Abstract

Mapping of next-generation sequencing data and other pro-cessor-intensive sequence comparison applications have motivated a continued search for high efficiency sequence alignment algorithms. In one approach, which exploits the inherent parallelism in computer logic calculations, individual cells in an alignment scoring matrix are represented as bits in a computer word and the calculation of scores is emulated by a series of bit operations comprised of AND, OR, XOR, complement, shift, and addition. Bit-parallelism has been successfully applied to the Longest Common Subsequence (LCS) and edit-distance problems, producing solutions which are significantly faster than standard implementations. But, the intensive mental effort required to produce these solutions, which are closely tied to special properties of the problems, has limited efforts to extend bit-parallelism to more general scoring schemes.

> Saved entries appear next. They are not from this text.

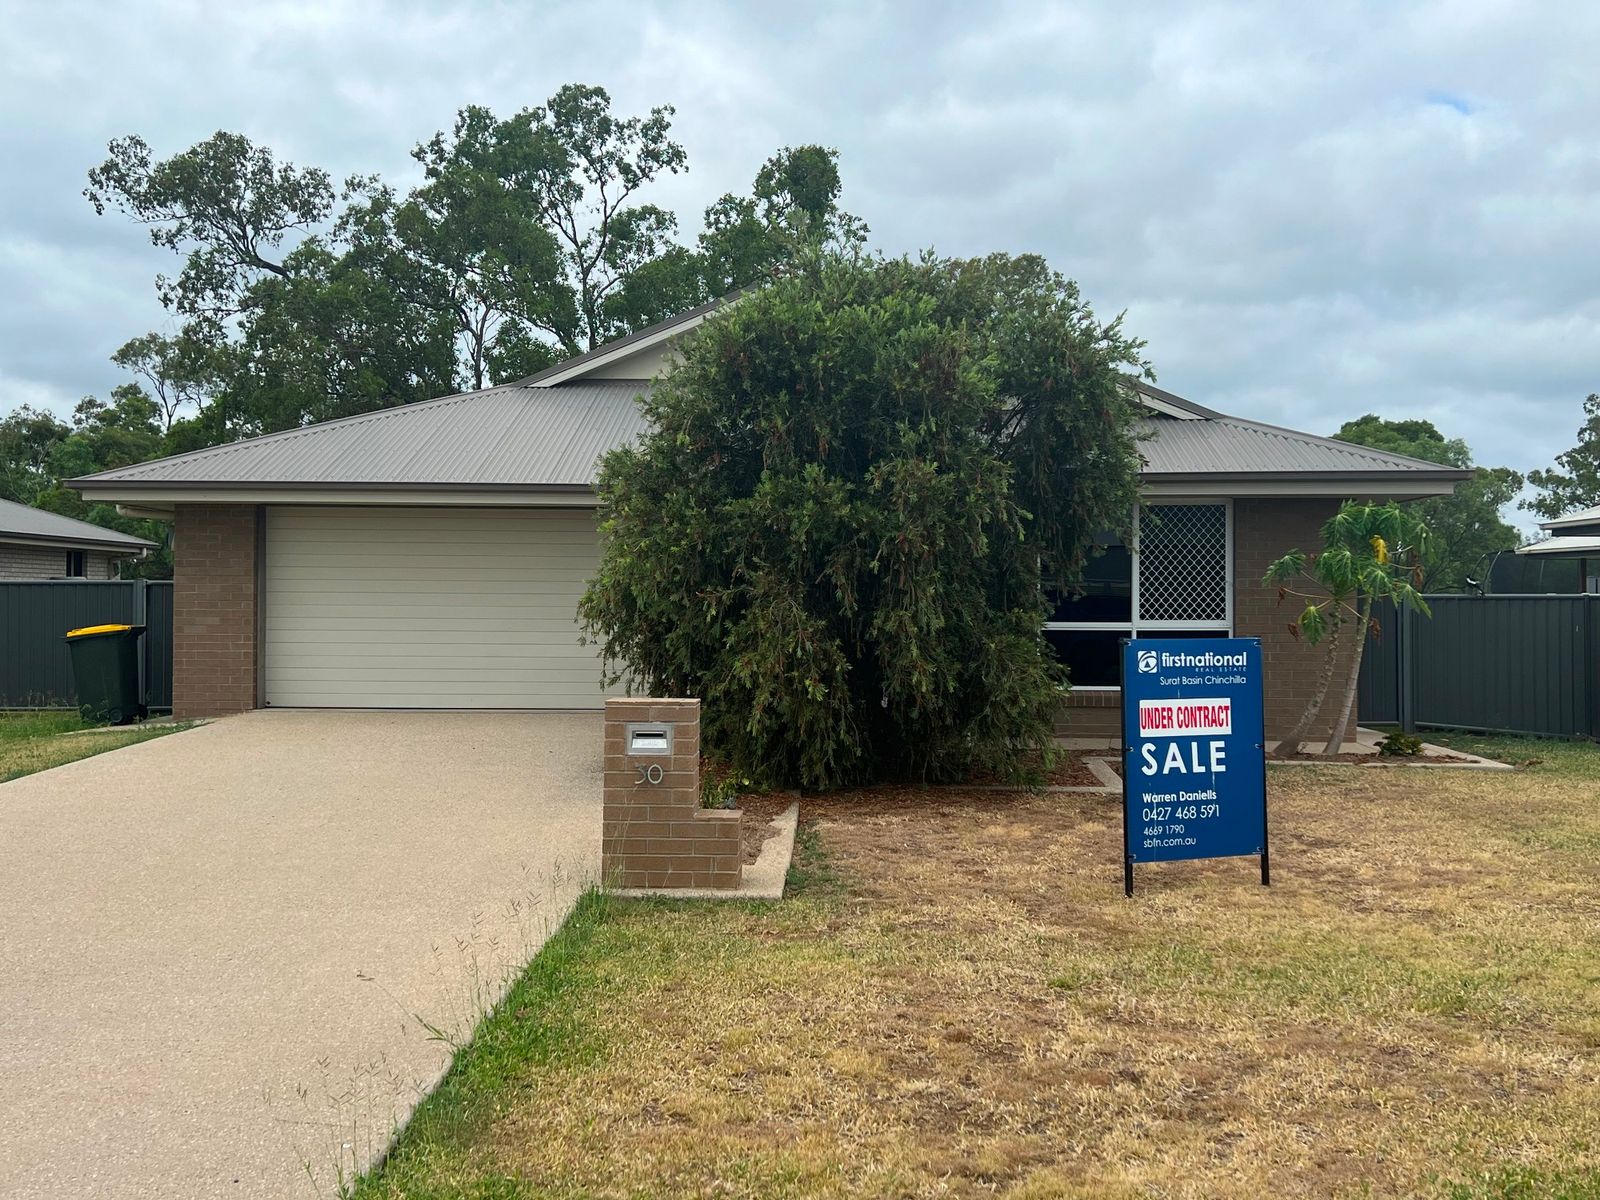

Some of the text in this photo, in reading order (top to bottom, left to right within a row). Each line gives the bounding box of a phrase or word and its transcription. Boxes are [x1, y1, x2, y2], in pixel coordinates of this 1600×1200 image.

[1161, 652, 1247, 667] firstnational
[1160, 675, 1246, 685] Surat Basin Chinchilla
[1140, 705, 1230, 730] UNDER CONTRACT
[1141, 741, 1226, 776] SALE
[1142, 790, 1217, 803] Warren Daniells
[1142, 804, 1220, 821] 0427 468 591
[1143, 824, 1185, 836] 4669 1790
[1143, 837, 1197, 848] sbfn.com.au

In this paper, we give the first bit-parallel solution for general, integer-scoring global alignment. Integer-scoring schemes, which are widely used, assign integer weights for match, mismatch, and insertion/deletion or indel. Our method depends on structural properties of the relationship between adjacent scores in the scoring matrix. We utilize these properties to construct a class of efficient algorithms, each designed for a particular set of weights, and we introduce a standard for characterizing the efficiency in terms of the average number of bit-operations per cell of the original scoring matrix.